PROMPT: Write out each line below precisely, passing over the pictures.

Segment Start: STUDY MATERIAL

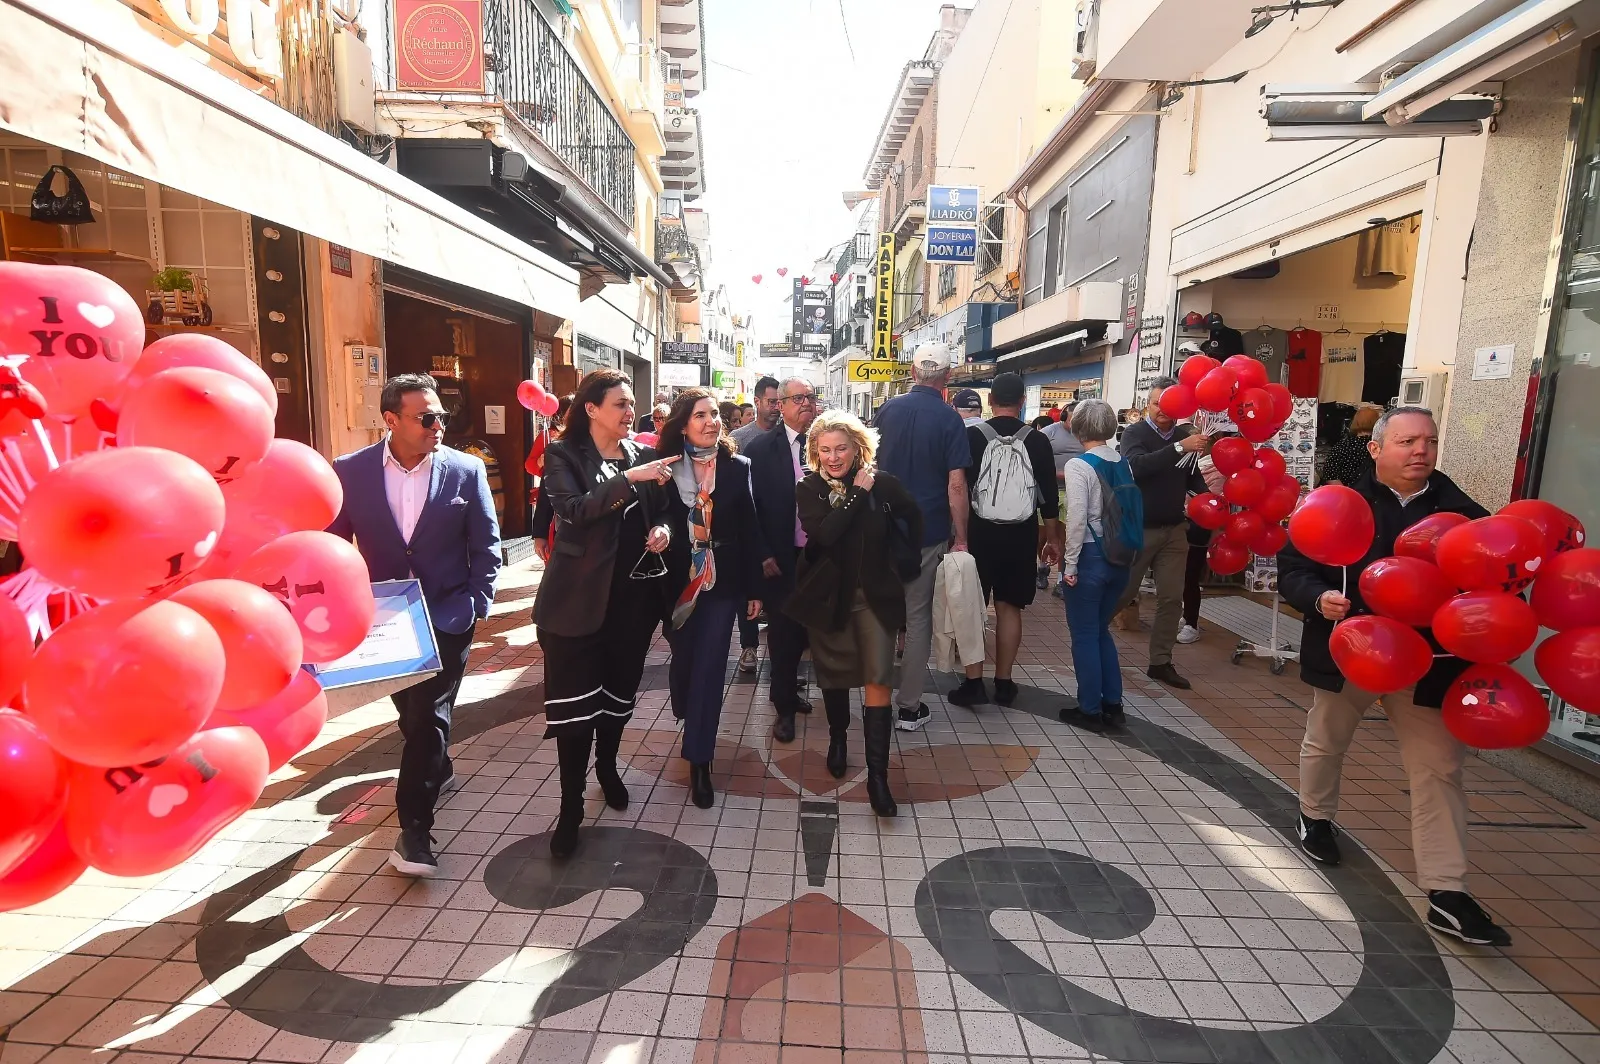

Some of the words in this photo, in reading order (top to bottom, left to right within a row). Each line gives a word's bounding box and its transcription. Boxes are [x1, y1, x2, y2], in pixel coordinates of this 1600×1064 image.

[412, 36, 464, 50] Réchaud
[929, 244, 954, 256] DON
[876, 234, 892, 359] PAPELERIA
[38, 296, 64, 324] I
[794, 281, 802, 350] STRASS
[28, 329, 125, 363] YOU
[665, 342, 705, 353] COSMOS
[1506, 562, 1519, 580] I
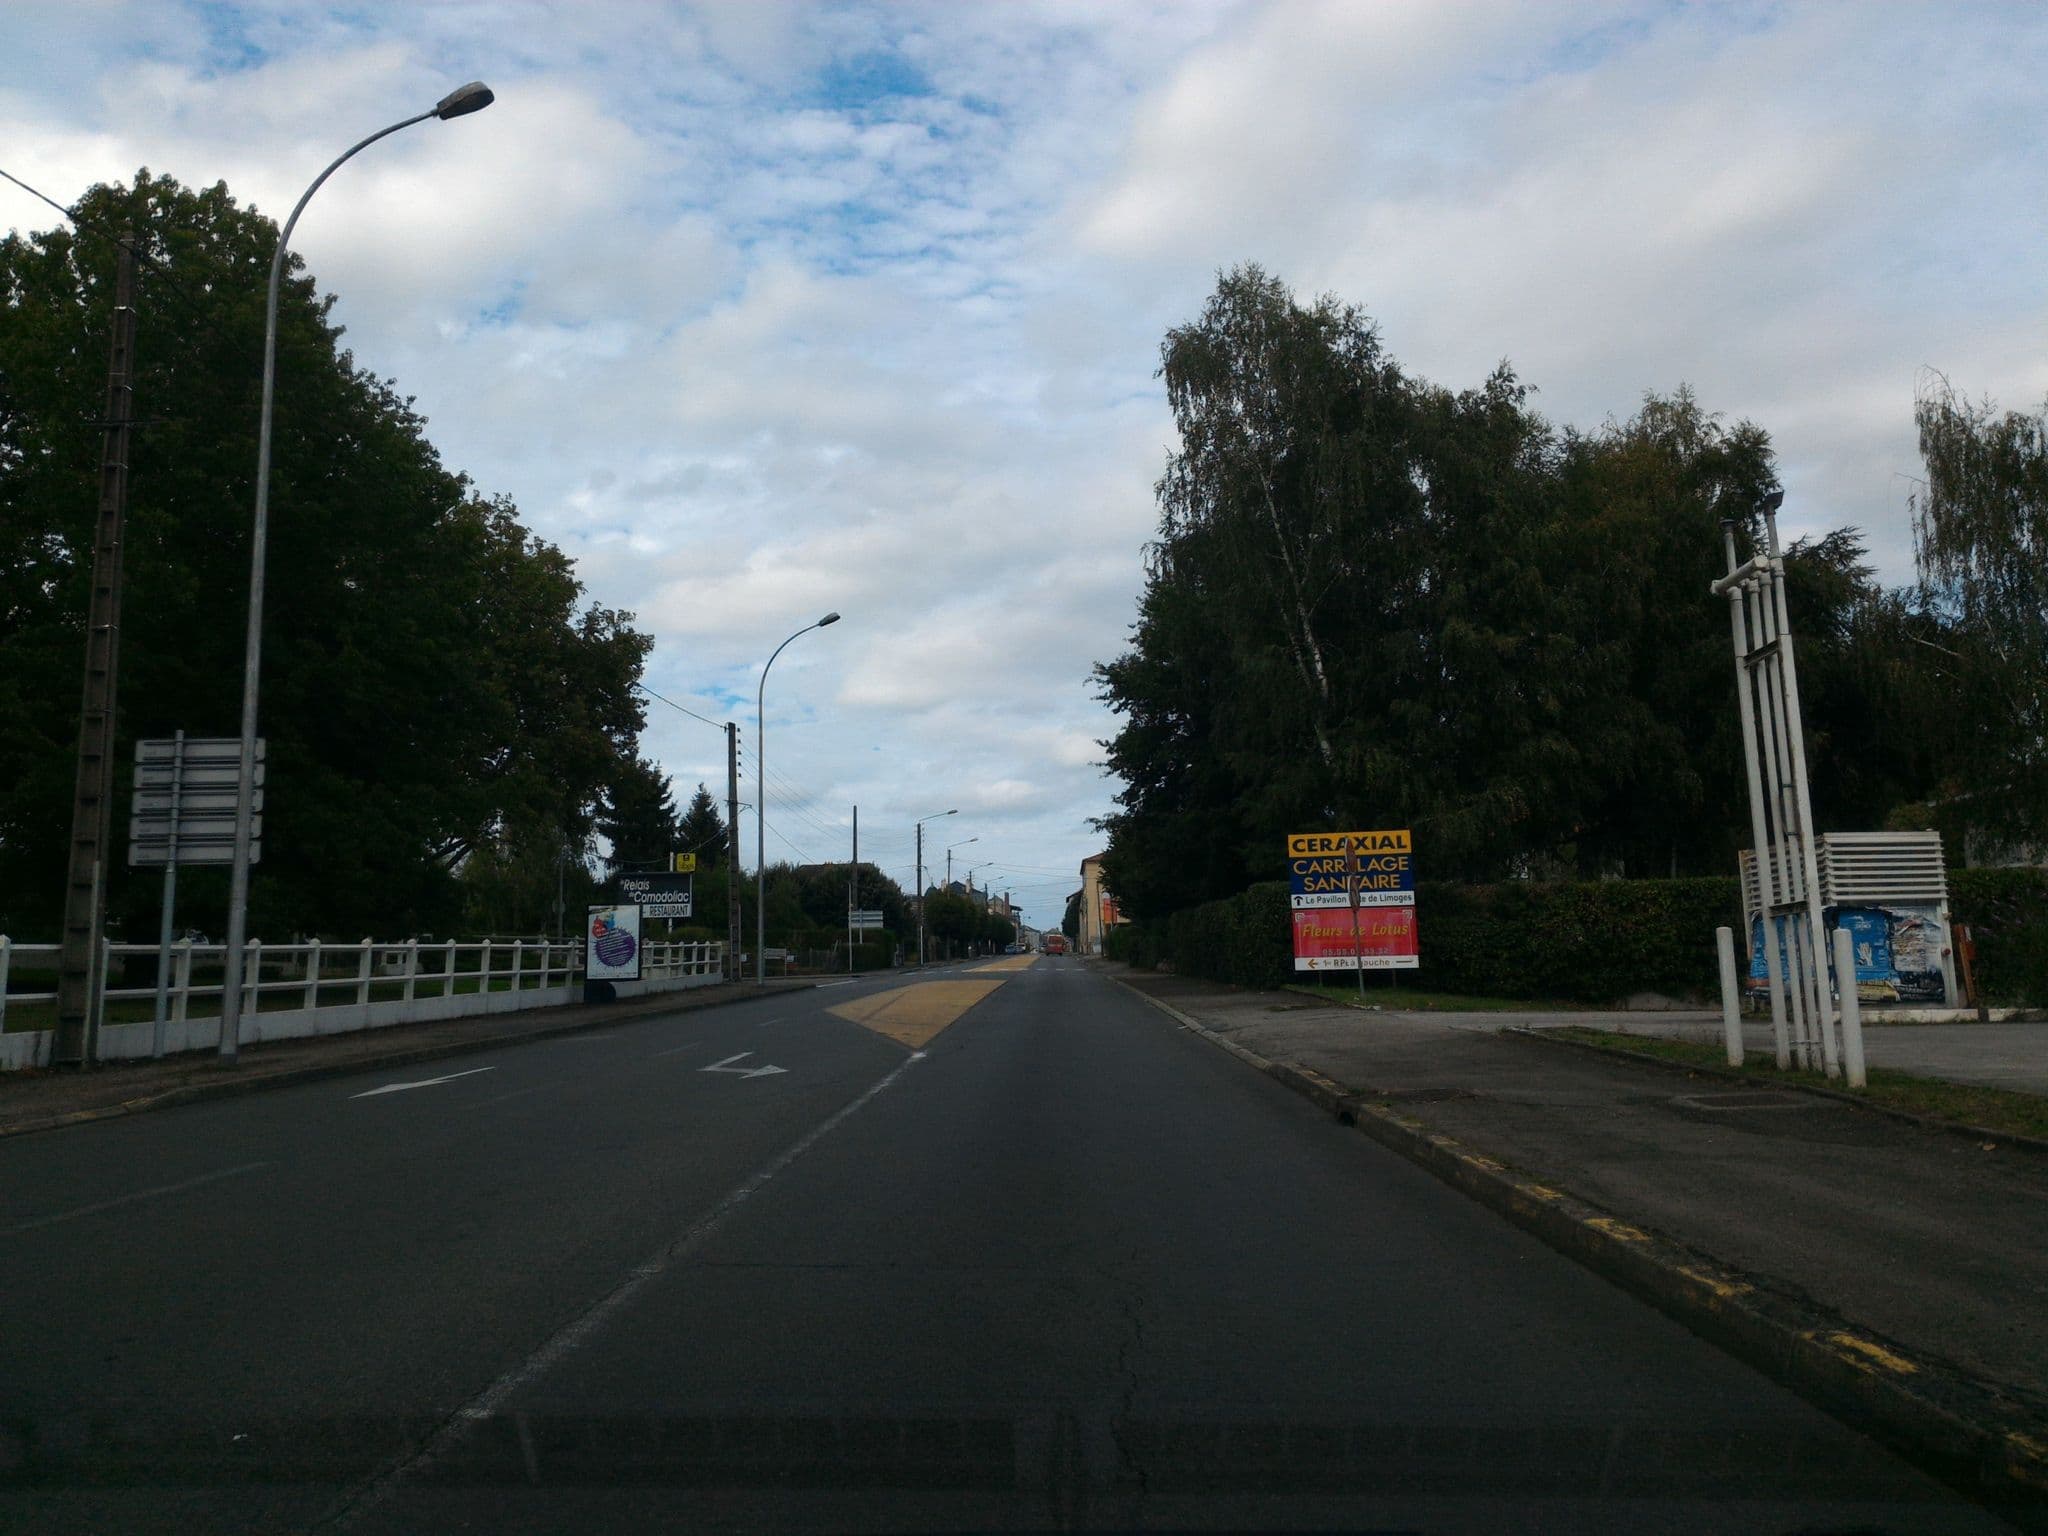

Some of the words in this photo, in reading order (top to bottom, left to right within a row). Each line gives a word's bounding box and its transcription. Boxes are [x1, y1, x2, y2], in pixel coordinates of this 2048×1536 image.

Segment End: STUDY MATERIAL

ANSWER SPACE:
Some of the words in this photo, in reading order (top to bottom, left to right within a row). Each line gives a word's bounding box and its transcription. Boxes are [x1, y1, x2, y2], in pixel coordinates of this 1600×1064 image.

[412, 36, 464, 50] Réchaud
[929, 244, 954, 256] DON
[876, 234, 892, 359] PAPELERIA
[38, 296, 64, 324] I
[794, 281, 802, 350] STRASS
[28, 329, 125, 363] YOU
[665, 342, 705, 353] COSMOS
[1506, 562, 1519, 580] I

Some of the words in this photo, in reading order (top to bottom, left to right within a row). Each line gives a word's bounding box and its transcription. Boxes are [x1, y1, x2, y2], in pixel coordinates of this 2048×1536 image.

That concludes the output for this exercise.